(Source data)
== Segment start ==

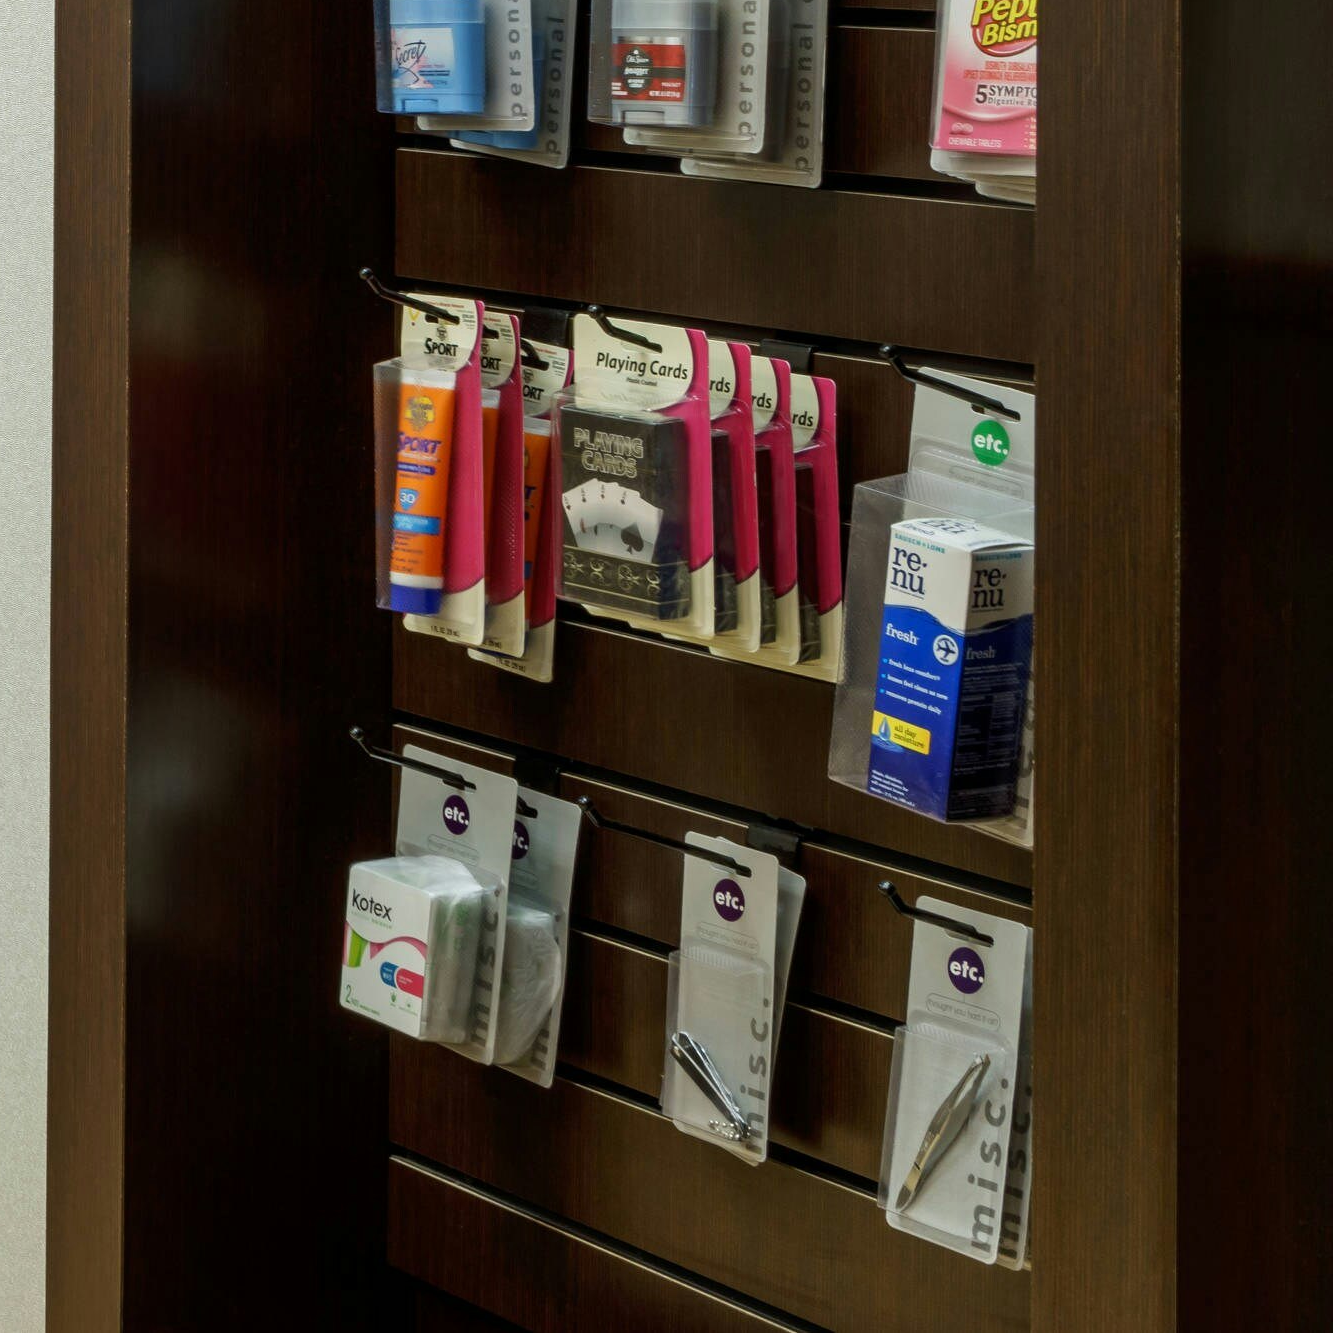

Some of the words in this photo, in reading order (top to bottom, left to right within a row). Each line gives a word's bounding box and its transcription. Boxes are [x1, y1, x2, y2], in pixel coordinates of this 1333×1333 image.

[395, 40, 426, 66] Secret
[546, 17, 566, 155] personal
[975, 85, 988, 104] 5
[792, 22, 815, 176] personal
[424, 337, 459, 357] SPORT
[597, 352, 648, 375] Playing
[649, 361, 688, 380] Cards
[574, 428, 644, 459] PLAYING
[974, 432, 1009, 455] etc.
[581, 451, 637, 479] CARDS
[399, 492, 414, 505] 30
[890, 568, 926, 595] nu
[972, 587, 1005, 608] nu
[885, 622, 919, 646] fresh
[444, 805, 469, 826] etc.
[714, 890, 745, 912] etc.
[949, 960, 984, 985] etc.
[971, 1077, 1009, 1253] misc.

== Segment end ==

## WORK TO BE COMPLETED
Because the pictures are not wanted, retype every record exactly without them.

## SOLVED PROBLEM
Some of the words in this photo, in reading order (top to bottom, left to right within a row). Each line gives a word's bounding box and its transcription. Boxes are [x1, y1, x2, y2], in pixel coordinates of this 1333×1333 image.

[395, 40, 426, 66] Secret
[546, 17, 566, 155] personal
[975, 85, 988, 104] 5
[792, 22, 815, 176] personal
[424, 337, 459, 357] SPORT
[597, 352, 648, 375] Playing
[649, 361, 688, 380] Cards
[574, 428, 644, 459] PLAYING
[974, 432, 1009, 455] etc.
[581, 451, 637, 479] CARDS
[399, 492, 414, 505] 30
[890, 568, 926, 595] nu
[972, 587, 1005, 608] nu
[885, 622, 919, 646] fresh
[444, 805, 469, 826] etc.
[714, 890, 745, 912] etc.
[949, 960, 984, 985] etc.
[971, 1077, 1009, 1253] misc.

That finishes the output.